> **Problem to work on**:
Every line below is to be quoted exactly, with nothing added or dropped.

> **Data provided**:

++++++

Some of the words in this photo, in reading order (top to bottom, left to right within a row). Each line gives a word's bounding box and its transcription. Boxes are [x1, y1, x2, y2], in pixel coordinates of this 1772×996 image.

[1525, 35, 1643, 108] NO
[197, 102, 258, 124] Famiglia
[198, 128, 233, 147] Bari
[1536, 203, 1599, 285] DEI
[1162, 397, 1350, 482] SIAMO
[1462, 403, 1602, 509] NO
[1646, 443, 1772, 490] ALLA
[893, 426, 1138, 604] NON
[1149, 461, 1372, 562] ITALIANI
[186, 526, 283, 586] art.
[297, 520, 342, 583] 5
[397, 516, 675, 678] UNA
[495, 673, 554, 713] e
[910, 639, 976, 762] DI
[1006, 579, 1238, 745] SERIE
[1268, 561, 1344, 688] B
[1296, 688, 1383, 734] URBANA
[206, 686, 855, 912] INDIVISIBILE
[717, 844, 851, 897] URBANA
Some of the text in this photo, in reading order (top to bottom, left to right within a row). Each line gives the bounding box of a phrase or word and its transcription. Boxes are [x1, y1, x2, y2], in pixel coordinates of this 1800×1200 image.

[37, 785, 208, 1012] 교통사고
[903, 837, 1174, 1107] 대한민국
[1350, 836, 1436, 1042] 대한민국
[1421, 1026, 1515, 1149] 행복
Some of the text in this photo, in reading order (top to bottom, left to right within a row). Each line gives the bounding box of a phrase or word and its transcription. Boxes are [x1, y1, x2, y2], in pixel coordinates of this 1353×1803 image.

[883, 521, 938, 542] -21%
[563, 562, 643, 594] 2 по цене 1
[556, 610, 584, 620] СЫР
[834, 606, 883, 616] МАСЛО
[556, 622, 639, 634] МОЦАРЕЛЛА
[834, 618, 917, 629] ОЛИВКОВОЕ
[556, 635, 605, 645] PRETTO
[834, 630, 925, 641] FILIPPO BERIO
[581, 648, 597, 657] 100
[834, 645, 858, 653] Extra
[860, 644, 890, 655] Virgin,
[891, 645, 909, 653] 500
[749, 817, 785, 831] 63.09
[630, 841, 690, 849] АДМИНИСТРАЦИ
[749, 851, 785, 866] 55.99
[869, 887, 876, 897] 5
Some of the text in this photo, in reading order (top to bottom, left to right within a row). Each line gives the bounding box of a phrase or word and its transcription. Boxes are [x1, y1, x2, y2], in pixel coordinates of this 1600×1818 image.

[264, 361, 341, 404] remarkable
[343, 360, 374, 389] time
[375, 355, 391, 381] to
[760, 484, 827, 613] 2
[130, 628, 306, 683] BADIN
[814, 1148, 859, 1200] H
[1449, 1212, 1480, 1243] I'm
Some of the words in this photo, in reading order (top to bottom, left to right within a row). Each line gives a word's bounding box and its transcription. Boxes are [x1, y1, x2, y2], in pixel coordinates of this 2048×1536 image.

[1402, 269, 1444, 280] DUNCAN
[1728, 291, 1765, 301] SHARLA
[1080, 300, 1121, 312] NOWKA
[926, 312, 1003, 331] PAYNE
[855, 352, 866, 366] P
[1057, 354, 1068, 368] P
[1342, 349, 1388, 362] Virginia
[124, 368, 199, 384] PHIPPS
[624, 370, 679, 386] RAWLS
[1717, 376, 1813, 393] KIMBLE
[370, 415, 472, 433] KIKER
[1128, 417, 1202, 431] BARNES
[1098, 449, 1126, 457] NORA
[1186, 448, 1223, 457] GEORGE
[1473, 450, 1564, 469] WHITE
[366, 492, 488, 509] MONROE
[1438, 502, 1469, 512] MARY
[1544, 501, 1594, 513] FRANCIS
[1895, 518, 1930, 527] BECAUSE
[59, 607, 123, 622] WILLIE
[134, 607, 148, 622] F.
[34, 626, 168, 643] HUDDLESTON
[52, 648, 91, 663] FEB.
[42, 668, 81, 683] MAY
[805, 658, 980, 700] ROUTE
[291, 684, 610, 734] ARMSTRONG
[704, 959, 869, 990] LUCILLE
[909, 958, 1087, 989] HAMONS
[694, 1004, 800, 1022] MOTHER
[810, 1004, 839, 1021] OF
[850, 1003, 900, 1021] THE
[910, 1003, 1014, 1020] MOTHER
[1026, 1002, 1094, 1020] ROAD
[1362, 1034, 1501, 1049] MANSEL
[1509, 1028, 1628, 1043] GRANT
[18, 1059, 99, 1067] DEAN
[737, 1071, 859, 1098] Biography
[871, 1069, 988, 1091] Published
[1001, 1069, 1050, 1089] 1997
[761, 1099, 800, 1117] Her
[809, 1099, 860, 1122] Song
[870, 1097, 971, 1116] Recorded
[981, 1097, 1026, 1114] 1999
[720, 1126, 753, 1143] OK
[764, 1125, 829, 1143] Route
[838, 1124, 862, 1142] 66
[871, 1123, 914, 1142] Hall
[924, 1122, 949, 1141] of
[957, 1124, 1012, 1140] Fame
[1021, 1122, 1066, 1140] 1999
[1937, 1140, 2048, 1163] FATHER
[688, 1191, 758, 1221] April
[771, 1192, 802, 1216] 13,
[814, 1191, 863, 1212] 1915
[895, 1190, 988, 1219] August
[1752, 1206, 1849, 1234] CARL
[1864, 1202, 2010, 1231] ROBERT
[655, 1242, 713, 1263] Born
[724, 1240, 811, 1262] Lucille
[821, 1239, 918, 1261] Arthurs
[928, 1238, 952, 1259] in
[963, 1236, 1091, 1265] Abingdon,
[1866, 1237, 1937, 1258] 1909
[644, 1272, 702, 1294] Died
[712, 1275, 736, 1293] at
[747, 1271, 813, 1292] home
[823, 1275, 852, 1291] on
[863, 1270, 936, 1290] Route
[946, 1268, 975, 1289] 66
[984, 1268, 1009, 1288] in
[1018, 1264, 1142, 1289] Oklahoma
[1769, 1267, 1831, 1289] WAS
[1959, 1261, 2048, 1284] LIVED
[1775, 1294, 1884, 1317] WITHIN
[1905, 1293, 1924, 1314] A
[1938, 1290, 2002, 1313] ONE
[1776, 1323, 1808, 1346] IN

++++++

> **Answer to this task**:
Some of the words in this photo, in reading order (top to bottom, left to right within a row). Each line gives a word's bounding box and its transcription. Boxes are [x1, y1, x2, y2], in pixel coordinates of this 1772×996 image.

[1525, 35, 1643, 108] NO
[197, 102, 258, 124] Famiglia
[198, 128, 233, 147] Bari
[1536, 203, 1599, 285] DEI
[1162, 397, 1350, 482] SIAMO
[1462, 403, 1602, 509] NO
[1646, 443, 1772, 490] ALLA
[893, 426, 1138, 604] NON
[1149, 461, 1372, 562] ITALIANI
[186, 526, 283, 586] art.
[297, 520, 342, 583] 5
[397, 516, 675, 678] UNA
[495, 673, 554, 713] e
[910, 639, 976, 762] DI
[1006, 579, 1238, 745] SERIE
[1268, 561, 1344, 688] B
[1296, 688, 1383, 734] URBANA
[206, 686, 855, 912] INDIVISIBILE
[717, 844, 851, 897] URBANA
Some of the text in this photo, in reading order (top to bottom, left to right within a row). Each line gives the bounding box of a phrase or word and its transcription. Boxes are [x1, y1, x2, y2], in pixel coordinates of this 1800×1200 image.

[37, 785, 208, 1012] 교통사고
[903, 837, 1174, 1107] 대한민국
[1350, 836, 1436, 1042] 대한민국
[1421, 1026, 1515, 1149] 행복
Some of the text in this photo, in reading order (top to bottom, left to right within a row). Each line gives the bounding box of a phrase or word and its transcription. Boxes are [x1, y1, x2, y2], in pixel coordinates of this 1353×1803 image.

[883, 521, 938, 542] -21%
[563, 562, 643, 594] 2 по цене 1
[556, 610, 584, 620] СЫР
[834, 606, 883, 616] МАСЛО
[556, 622, 639, 634] МОЦАРЕЛЛА
[834, 618, 917, 629] ОЛИВКОВОЕ
[556, 635, 605, 645] PRETTO
[834, 630, 925, 641] FILIPPO BERIO
[581, 648, 597, 657] 100
[834, 645, 858, 653] Extra
[860, 644, 890, 655] Virgin,
[891, 645, 909, 653] 500
[749, 817, 785, 831] 63.09
[630, 841, 690, 849] АДМИНИСТРАЦИ
[749, 851, 785, 866] 55.99
[869, 887, 876, 897] 5
Some of the text in this photo, in reading order (top to bottom, left to right within a row). Each line gives the bounding box of a phrase or word and its transcription. Boxes are [x1, y1, x2, y2], in pixel coordinates of this 1600×1818 image.

[264, 361, 341, 404] remarkable
[343, 360, 374, 389] time
[375, 355, 391, 381] to
[760, 484, 827, 613] 2
[130, 628, 306, 683] BADIN
[814, 1148, 859, 1200] H
[1449, 1212, 1480, 1243] I'm
Some of the words in this photo, in reading order (top to bottom, left to right within a row). Each line gives a word's bounding box and its transcription. Boxes are [x1, y1, x2, y2], in pixel coordinates of this 2048×1536 image.

[1402, 269, 1444, 280] DUNCAN
[1728, 291, 1765, 301] SHARLA
[1080, 300, 1121, 312] NOWKA
[926, 312, 1003, 331] PAYNE
[855, 352, 866, 366] P
[1057, 354, 1068, 368] P
[1342, 349, 1388, 362] Virginia
[124, 368, 199, 384] PHIPPS
[624, 370, 679, 386] RAWLS
[1717, 376, 1813, 393] KIMBLE
[370, 415, 472, 433] KIKER
[1128, 417, 1202, 431] BARNES
[1098, 449, 1126, 457] NORA
[1186, 448, 1223, 457] GEORGE
[1473, 450, 1564, 469] WHITE
[366, 492, 488, 509] MONROE
[1438, 502, 1469, 512] MARY
[1544, 501, 1594, 513] FRANCIS
[1895, 518, 1930, 527] BECAUSE
[59, 607, 123, 622] WILLIE
[134, 607, 148, 622] F.
[34, 626, 168, 643] HUDDLESTON
[52, 648, 91, 663] FEB.
[42, 668, 81, 683] MAY
[805, 658, 980, 700] ROUTE
[291, 684, 610, 734] ARMSTRONG
[704, 959, 869, 990] LUCILLE
[909, 958, 1087, 989] HAMONS
[694, 1004, 800, 1022] MOTHER
[810, 1004, 839, 1021] OF
[850, 1003, 900, 1021] THE
[910, 1003, 1014, 1020] MOTHER
[1026, 1002, 1094, 1020] ROAD
[1362, 1034, 1501, 1049] MANSEL
[1509, 1028, 1628, 1043] GRANT
[18, 1059, 99, 1067] DEAN
[737, 1071, 859, 1098] Biography
[871, 1069, 988, 1091] Published
[1001, 1069, 1050, 1089] 1997
[761, 1099, 800, 1117] Her
[809, 1099, 860, 1122] Song
[870, 1097, 971, 1116] Recorded
[981, 1097, 1026, 1114] 1999
[720, 1126, 753, 1143] OK
[764, 1125, 829, 1143] Route
[838, 1124, 862, 1142] 66
[871, 1123, 914, 1142] Hall
[924, 1122, 949, 1141] of
[957, 1124, 1012, 1140] Fame
[1021, 1122, 1066, 1140] 1999
[1937, 1140, 2048, 1163] FATHER
[688, 1191, 758, 1221] April
[771, 1192, 802, 1216] 13,
[814, 1191, 863, 1212] 1915
[895, 1190, 988, 1219] August
[1752, 1206, 1849, 1234] CARL
[1864, 1202, 2010, 1231] ROBERT
[655, 1242, 713, 1263] Born
[724, 1240, 811, 1262] Lucille
[821, 1239, 918, 1261] Arthurs
[928, 1238, 952, 1259] in
[963, 1236, 1091, 1265] Abingdon,
[1866, 1237, 1937, 1258] 1909
[644, 1272, 702, 1294] Died
[712, 1275, 736, 1293] at
[747, 1271, 813, 1292] home
[823, 1275, 852, 1291] on
[863, 1270, 936, 1290] Route
[946, 1268, 975, 1289] 66
[984, 1268, 1009, 1288] in
[1018, 1264, 1142, 1289] Oklahoma
[1769, 1267, 1831, 1289] WAS
[1959, 1261, 2048, 1284] LIVED
[1775, 1294, 1884, 1317] WITHIN
[1905, 1293, 1924, 1314] A
[1938, 1290, 2002, 1313] ONE
[1776, 1323, 1808, 1346] IN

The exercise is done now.